• Exercise: Each entry below is to be copied verbatim, with no line missing.

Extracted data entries

*** Begin section ***

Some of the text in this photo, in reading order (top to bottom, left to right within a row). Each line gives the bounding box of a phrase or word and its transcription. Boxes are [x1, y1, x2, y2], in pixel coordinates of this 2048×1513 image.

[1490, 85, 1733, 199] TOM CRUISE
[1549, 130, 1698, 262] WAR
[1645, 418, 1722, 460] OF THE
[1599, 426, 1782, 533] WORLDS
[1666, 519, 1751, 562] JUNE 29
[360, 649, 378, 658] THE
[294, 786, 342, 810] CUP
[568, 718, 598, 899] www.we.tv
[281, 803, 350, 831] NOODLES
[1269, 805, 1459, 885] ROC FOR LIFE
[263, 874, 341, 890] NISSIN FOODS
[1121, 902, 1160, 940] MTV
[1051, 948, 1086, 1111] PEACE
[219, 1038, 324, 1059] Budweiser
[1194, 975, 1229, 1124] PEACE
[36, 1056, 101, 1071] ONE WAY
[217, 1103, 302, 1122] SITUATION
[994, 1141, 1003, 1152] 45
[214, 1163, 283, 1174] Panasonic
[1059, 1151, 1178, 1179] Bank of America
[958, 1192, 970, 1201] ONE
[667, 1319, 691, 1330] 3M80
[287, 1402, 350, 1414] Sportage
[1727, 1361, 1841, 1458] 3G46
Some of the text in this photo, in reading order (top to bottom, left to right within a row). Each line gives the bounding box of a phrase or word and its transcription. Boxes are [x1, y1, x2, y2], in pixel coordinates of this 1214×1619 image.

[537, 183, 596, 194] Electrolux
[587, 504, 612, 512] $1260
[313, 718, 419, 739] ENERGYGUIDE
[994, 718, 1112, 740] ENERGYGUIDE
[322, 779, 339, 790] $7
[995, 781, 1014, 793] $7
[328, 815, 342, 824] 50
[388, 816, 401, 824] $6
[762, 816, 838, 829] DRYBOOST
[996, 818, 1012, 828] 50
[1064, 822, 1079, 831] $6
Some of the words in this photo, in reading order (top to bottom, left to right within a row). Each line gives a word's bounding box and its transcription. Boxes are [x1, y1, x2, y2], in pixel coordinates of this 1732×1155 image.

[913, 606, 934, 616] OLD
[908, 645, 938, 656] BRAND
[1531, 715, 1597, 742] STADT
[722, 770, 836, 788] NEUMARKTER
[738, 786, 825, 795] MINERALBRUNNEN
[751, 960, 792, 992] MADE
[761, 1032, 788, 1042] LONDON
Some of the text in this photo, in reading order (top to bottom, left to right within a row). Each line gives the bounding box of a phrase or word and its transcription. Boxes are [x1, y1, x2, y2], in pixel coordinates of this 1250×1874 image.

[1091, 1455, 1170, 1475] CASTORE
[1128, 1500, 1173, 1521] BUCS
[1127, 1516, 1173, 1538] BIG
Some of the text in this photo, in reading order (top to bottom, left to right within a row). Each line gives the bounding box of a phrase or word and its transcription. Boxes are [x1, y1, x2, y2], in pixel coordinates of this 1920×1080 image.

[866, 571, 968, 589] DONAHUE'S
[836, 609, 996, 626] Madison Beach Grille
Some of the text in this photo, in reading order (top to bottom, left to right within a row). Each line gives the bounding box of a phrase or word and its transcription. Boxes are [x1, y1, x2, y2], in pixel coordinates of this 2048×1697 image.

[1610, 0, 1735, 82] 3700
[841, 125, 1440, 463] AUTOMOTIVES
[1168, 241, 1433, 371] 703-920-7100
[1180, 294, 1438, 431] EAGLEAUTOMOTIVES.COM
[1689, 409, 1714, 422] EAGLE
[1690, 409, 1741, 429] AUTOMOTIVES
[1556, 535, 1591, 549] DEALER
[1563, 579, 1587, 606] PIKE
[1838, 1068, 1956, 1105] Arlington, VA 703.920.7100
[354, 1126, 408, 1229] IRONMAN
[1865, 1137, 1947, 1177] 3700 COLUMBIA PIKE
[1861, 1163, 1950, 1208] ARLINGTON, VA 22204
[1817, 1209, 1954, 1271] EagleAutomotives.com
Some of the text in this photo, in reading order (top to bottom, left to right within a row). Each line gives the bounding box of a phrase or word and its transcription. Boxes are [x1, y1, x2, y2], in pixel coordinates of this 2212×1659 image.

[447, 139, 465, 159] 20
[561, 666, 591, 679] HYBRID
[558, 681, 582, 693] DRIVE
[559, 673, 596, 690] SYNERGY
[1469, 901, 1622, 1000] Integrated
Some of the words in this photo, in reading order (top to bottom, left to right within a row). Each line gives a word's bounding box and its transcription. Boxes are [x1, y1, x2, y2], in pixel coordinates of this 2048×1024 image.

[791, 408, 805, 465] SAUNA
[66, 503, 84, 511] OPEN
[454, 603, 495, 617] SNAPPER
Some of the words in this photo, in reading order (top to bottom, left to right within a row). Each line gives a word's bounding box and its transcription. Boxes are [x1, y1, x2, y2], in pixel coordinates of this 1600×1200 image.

*** End section ***

• Output for this task:
Some of the text in this photo, in reading order (top to bottom, left to right within a row). Each line gives the bounding box of a phrase or word and its transcription. Boxes are [x1, y1, x2, y2], in pixel coordinates of this 2048×1513 image.

[1490, 85, 1733, 199] TOM CRUISE
[1549, 130, 1698, 262] WAR
[1645, 418, 1722, 460] OF THE
[1599, 426, 1782, 533] WORLDS
[1666, 519, 1751, 562] JUNE 29
[360, 649, 378, 658] THE
[294, 786, 342, 810] CUP
[568, 718, 598, 899] www.we.tv
[281, 803, 350, 831] NOODLES
[1269, 805, 1459, 885] ROC FOR LIFE
[263, 874, 341, 890] NISSIN FOODS
[1121, 902, 1160, 940] MTV
[1051, 948, 1086, 1111] PEACE
[219, 1038, 324, 1059] Budweiser
[1194, 975, 1229, 1124] PEACE
[36, 1056, 101, 1071] ONE WAY
[217, 1103, 302, 1122] SITUATION
[994, 1141, 1003, 1152] 45
[214, 1163, 283, 1174] Panasonic
[1059, 1151, 1178, 1179] Bank of America
[958, 1192, 970, 1201] ONE
[667, 1319, 691, 1330] 3M80
[287, 1402, 350, 1414] Sportage
[1727, 1361, 1841, 1458] 3G46
Some of the text in this photo, in reading order (top to bottom, left to right within a row). Each line gives the bounding box of a phrase or word and its transcription. Boxes are [x1, y1, x2, y2], in pixel coordinates of this 1214×1619 image.

[537, 183, 596, 194] Electrolux
[587, 504, 612, 512] $1260
[313, 718, 419, 739] ENERGYGUIDE
[994, 718, 1112, 740] ENERGYGUIDE
[322, 779, 339, 790] $7
[995, 781, 1014, 793] $7
[328, 815, 342, 824] 50
[388, 816, 401, 824] $6
[762, 816, 838, 829] DRYBOOST
[996, 818, 1012, 828] 50
[1064, 822, 1079, 831] $6
Some of the words in this photo, in reading order (top to bottom, left to right within a row). Each line gives a word's bounding box and its transcription. Boxes are [x1, y1, x2, y2], in pixel coordinates of this 1732×1155 image.

[913, 606, 934, 616] OLD
[908, 645, 938, 656] BRAND
[1531, 715, 1597, 742] STADT
[722, 770, 836, 788] NEUMARKTER
[738, 786, 825, 795] MINERALBRUNNEN
[751, 960, 792, 992] MADE
[761, 1032, 788, 1042] LONDON
Some of the text in this photo, in reading order (top to bottom, left to right within a row). Each line gives the bounding box of a phrase or word and its transcription. Boxes are [x1, y1, x2, y2], in pixel coordinates of this 1250×1874 image.

[1091, 1455, 1170, 1475] CASTORE
[1128, 1500, 1173, 1521] BUCS
[1127, 1516, 1173, 1538] BIG
Some of the text in this photo, in reading order (top to bottom, left to right within a row). Each line gives the bounding box of a phrase or word and its transcription. Boxes are [x1, y1, x2, y2], in pixel coordinates of this 1920×1080 image.

[866, 571, 968, 589] DONAHUE'S
[836, 609, 996, 626] Madison Beach Grille
Some of the text in this photo, in reading order (top to bottom, left to right within a row). Each line gives the bounding box of a phrase or word and its transcription. Boxes are [x1, y1, x2, y2], in pixel coordinates of this 2048×1697 image.

[1610, 0, 1735, 82] 3700
[841, 125, 1440, 463] AUTOMOTIVES
[1168, 241, 1433, 371] 703-920-7100
[1180, 294, 1438, 431] EAGLEAUTOMOTIVES.COM
[1689, 409, 1714, 422] EAGLE
[1690, 409, 1741, 429] AUTOMOTIVES
[1556, 535, 1591, 549] DEALER
[1563, 579, 1587, 606] PIKE
[1838, 1068, 1956, 1105] Arlington, VA 703.920.7100
[354, 1126, 408, 1229] IRONMAN
[1865, 1137, 1947, 1177] 3700 COLUMBIA PIKE
[1861, 1163, 1950, 1208] ARLINGTON, VA 22204
[1817, 1209, 1954, 1271] EagleAutomotives.com
Some of the text in this photo, in reading order (top to bottom, left to right within a row). Each line gives the bounding box of a phrase or word and its transcription. Boxes are [x1, y1, x2, y2], in pixel coordinates of this 2212×1659 image.

[447, 139, 465, 159] 20
[561, 666, 591, 679] HYBRID
[558, 681, 582, 693] DRIVE
[559, 673, 596, 690] SYNERGY
[1469, 901, 1622, 1000] Integrated
Some of the words in this photo, in reading order (top to bottom, left to right within a row). Each line gives a word's bounding box and its transcription. Boxes are [x1, y1, x2, y2], in pixel coordinates of this 2048×1024 image.

[791, 408, 805, 465] SAUNA
[66, 503, 84, 511] OPEN
[454, 603, 495, 617] SNAPPER
Some of the words in this photo, in reading order (top to bottom, left to right within a row). Each line gives a word's bounding box and its transcription. Boxes are [x1, y1, x2, y2], in pixel coordinates of this 1600×1200 image.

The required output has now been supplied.